Le canal d'arrosage de Rouchas Frach compte parmi les plus anciens du Queyras. La plupart des spécialistes s'accordent sur le fait qu'il doit dater d'il y a au moins 7 siècles.

Tracé d'est en ouest, sur les adrets d'une vallée très ouverte, la vallée de l'Aigue Agnelle, le canal d'arrosage des villages de Fontgillarde et du Coin prenait son eau dans l'Aigue Agnelle, au lieu-dit Rouchas Frach ("Le gros rocher cassé") auquel il doit son nom.

 

De cet ouvrage qui s'étire sur plus de 8 kilomètres, il ne demeure aujourd'hui que des vestiges d'une remarquable et émouvante beauté. Le canal est beau par la vue splendide qu'il offre sur la vallée de l'Aigue Agnelle jusqu'aux montagnes de l'Oisans.

 

 

Le canal est beau aussi du travail des hommes. Le canal de Rouchas Frach qui, pendant des siècles, a apporté la vie aux habitants de Fontgillarde et du Coin, alliait le fonctionnel et l'utile. Chaque geste accompli à destination du canal était d'abord pour la famille et la communauté, puis pour les enfants et les petits-enfants, puis pour tous ceux qui vivraient encore et toujours du canal à travers les âges.

 

L'utilisation et l'entretien du canal étaient soumis à une organisation très stricte. Chacun des paysans ne pouvait pas disposer de l'eau comme il le souhaitait. Une répartition était faite, sous le contrôle du "preÿer" (homme chargé de la distribution de l'eau) : chaque soir, celui-ci attribuait une certaine durée d'utilisation de l'eau, en fonction de la surface à irriguer. Un registre ("la parcelle") permettait de déterminer précisément la répartition.
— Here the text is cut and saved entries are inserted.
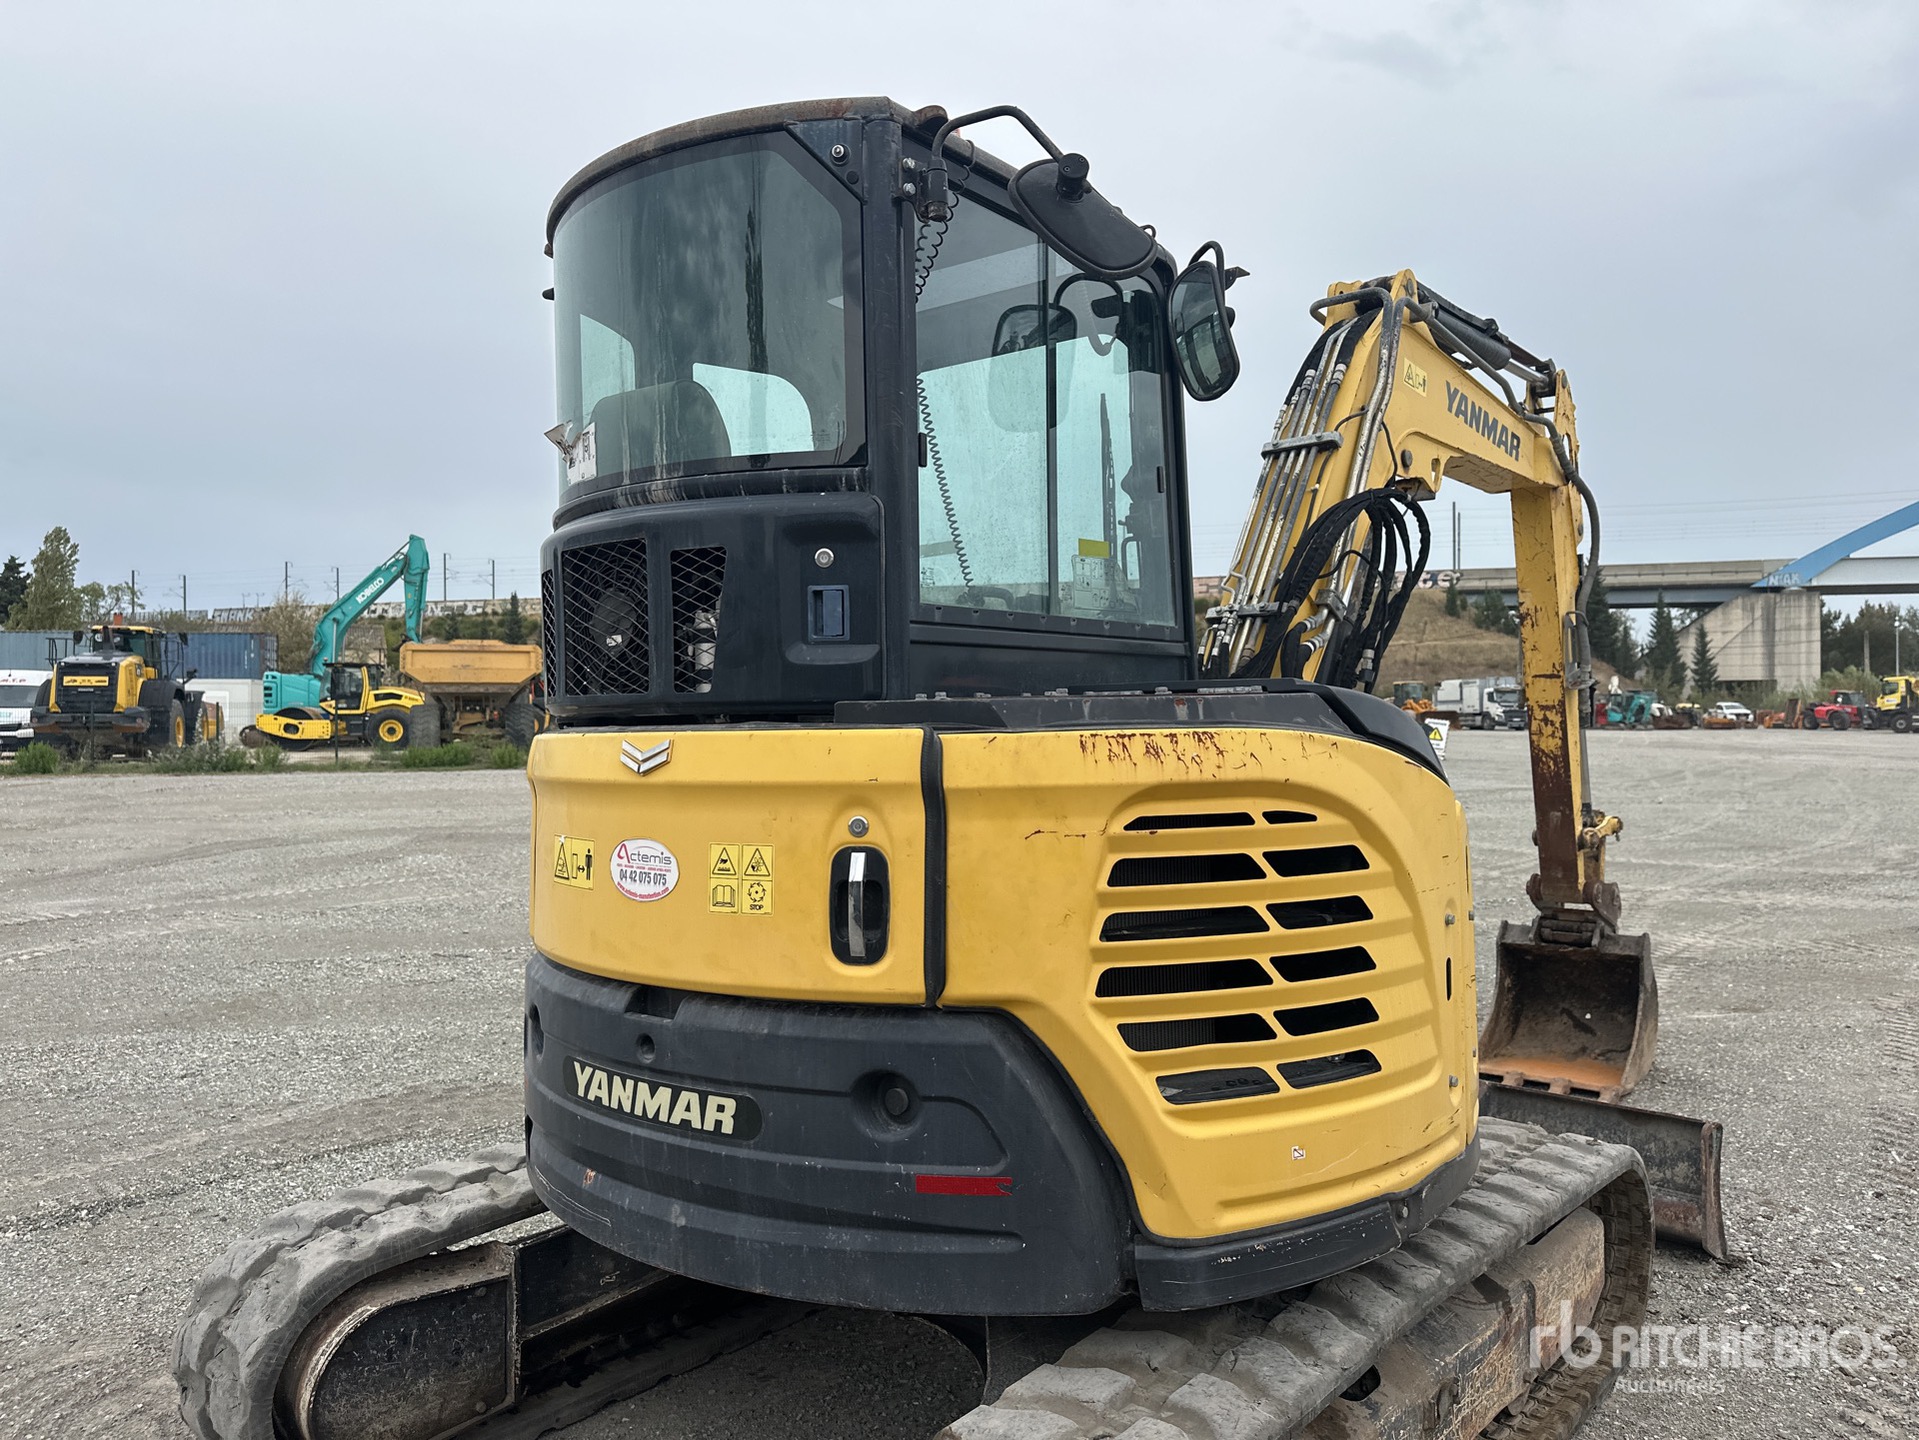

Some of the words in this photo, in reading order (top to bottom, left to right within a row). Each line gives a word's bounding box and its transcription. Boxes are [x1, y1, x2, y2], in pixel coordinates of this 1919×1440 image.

[1445, 380, 1521, 462] YANMAR
[617, 843, 672, 865] Actemis
[619, 868, 628, 881] 04
[629, 870, 637, 883] 42
[638, 871, 652, 884] 075
[653, 872, 667, 887] 075
[749, 903, 764, 911] STOP
[573, 1061, 737, 1135] YANMAR
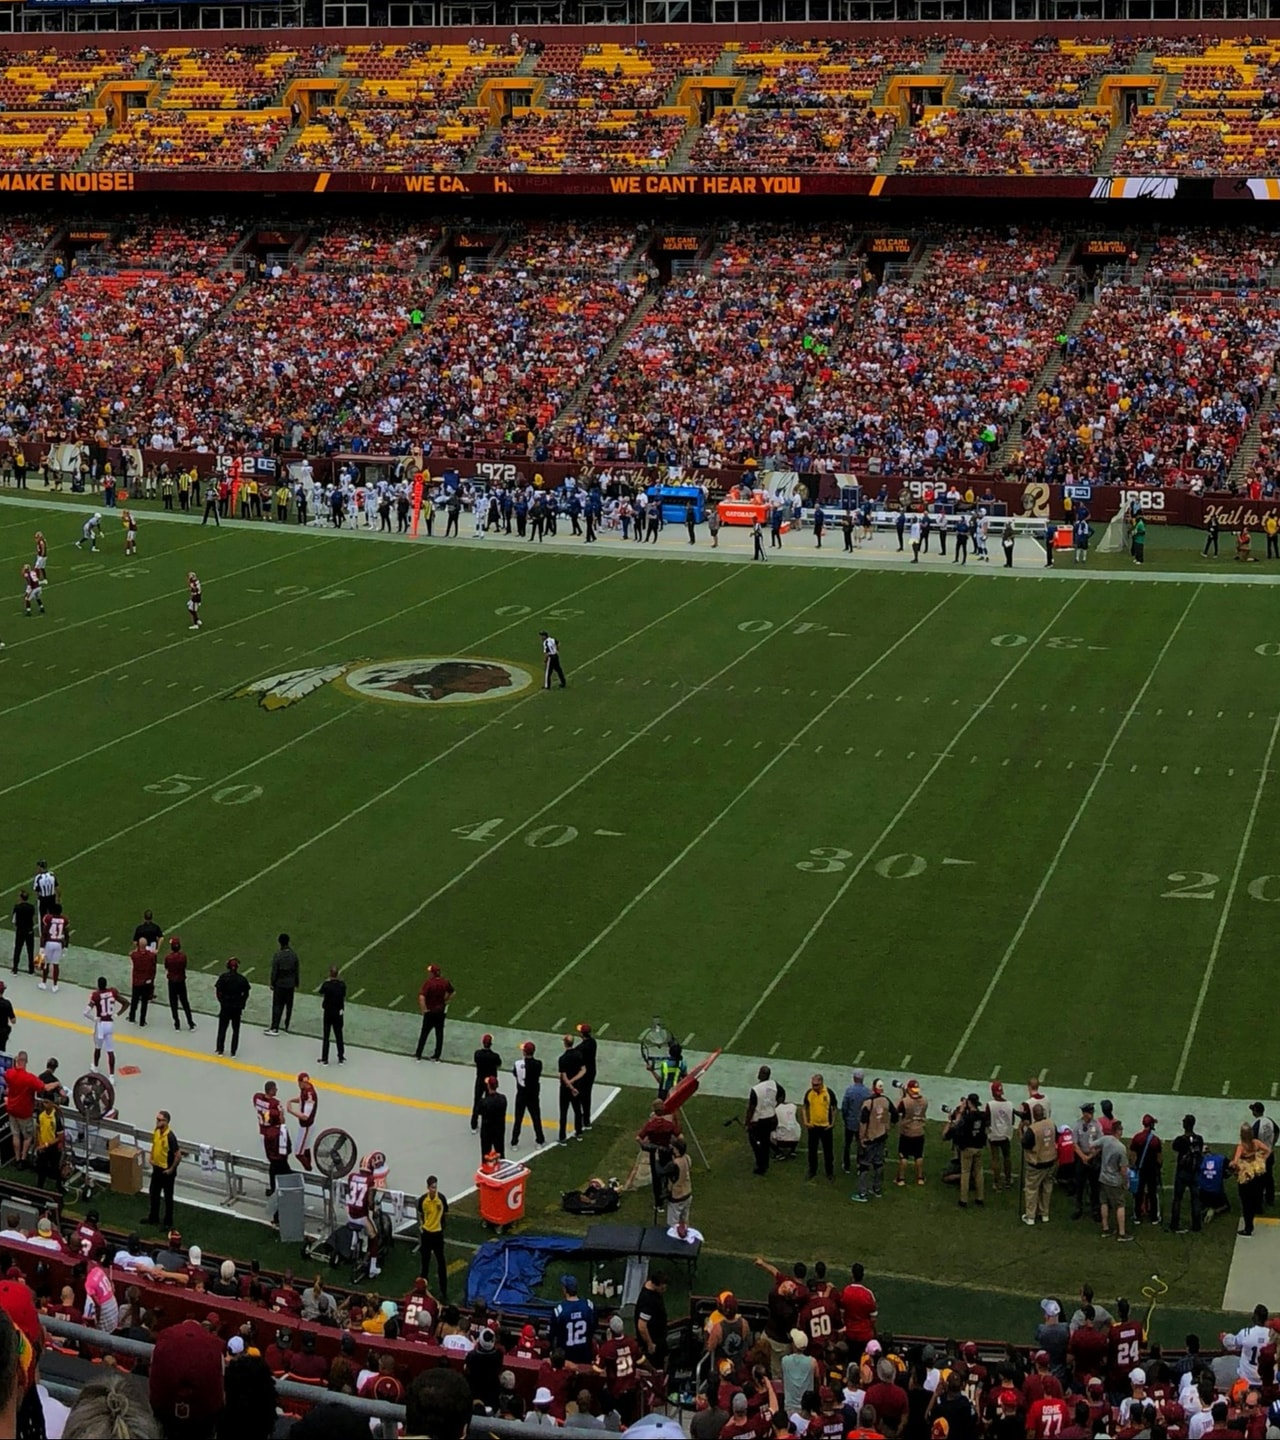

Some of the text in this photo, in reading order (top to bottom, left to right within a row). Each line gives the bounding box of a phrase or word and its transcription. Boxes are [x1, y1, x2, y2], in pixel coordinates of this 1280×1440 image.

[60, 172, 134, 191] NOISE!
[404, 176, 435, 192] WE
[609, 177, 641, 193] WE
[645, 177, 698, 193] CANT
[703, 177, 756, 193] HEAR
[760, 177, 801, 193] YOU
[663, 243, 682, 251] HEAR
[894, 245, 910, 253] YOU
[475, 463, 516, 481] 1972
[1203, 505, 1260, 530] Hail to
[143, 773, 264, 806] 50
[450, 817, 579, 849] 40
[795, 846, 928, 880] 30
[348, 1181, 369, 1208] 37
[508, 1183, 524, 1211] G
[566, 1319, 587, 1346] 12
[810, 1314, 831, 1338] 60
[1118, 1340, 1140, 1365] 24
[1042, 1404, 1062, 1416] OSHIE
[1041, 1413, 1063, 1436] 77
Et pas question d'essayer de tromper le "preÿer"...

Les corvées d'entretien étaient établies par le procureur qui avait, par ailleurs, en charge toutes les corvées propres à l'entretien des chemins et de tout ce qui était utile à la communauté. La corvée du canal commençait dès la fonte des neiges. Elle consistait à déblayer les endroits où la terre avait coulé avec la neige, à réparer les murs aval, à entretenir les "agoutaÿes" : ces encoches dans le canal, d'un format très précis, permettaient, grâce au système des "estanchos " (écluses) de faire couler l'eau dans des rigoles et des canaux secondaires.
Il fallait plusieurs heures pour remplir le canal. Pendant ce long parcours, l'eau avait eu le temps de tiédir au soleil. L'arrosage n'en était que plus efficace.

 

Le canal de Rouchas Frach permet de prendre conscience du lien étroit qui unissait les hommes à leur canal. Ils avaient établi avec lui une sorte de "cycle vertueux". L'eau du printemps, infiltrée lentement en profondeur dans le sol et restituée en été dans le torrent de l'Aigue Agnelle, venait arroser le pied de l'herbe quand le soleil était le plus fort. Le bétail, les vaches et les moutons, en échange de cette herbe nourrissante, donnaient un lait lui-même nourrissant. Qui, directement ou sous forme de fromage, donnait aux hommes, aux femmes et aux enfants des villages les forces nécessaires à la vie, à leur vie et à celle du canal.
Pendant des siècles, ce cercle vertueux a tourné, tant bien que mal. Plutôt bien que mal. Mais qu'un maillon de cette chaîne eau-canal-herbe-bétail-homme vienne à céder, alors tout s'arrête. Le cercle est brisé.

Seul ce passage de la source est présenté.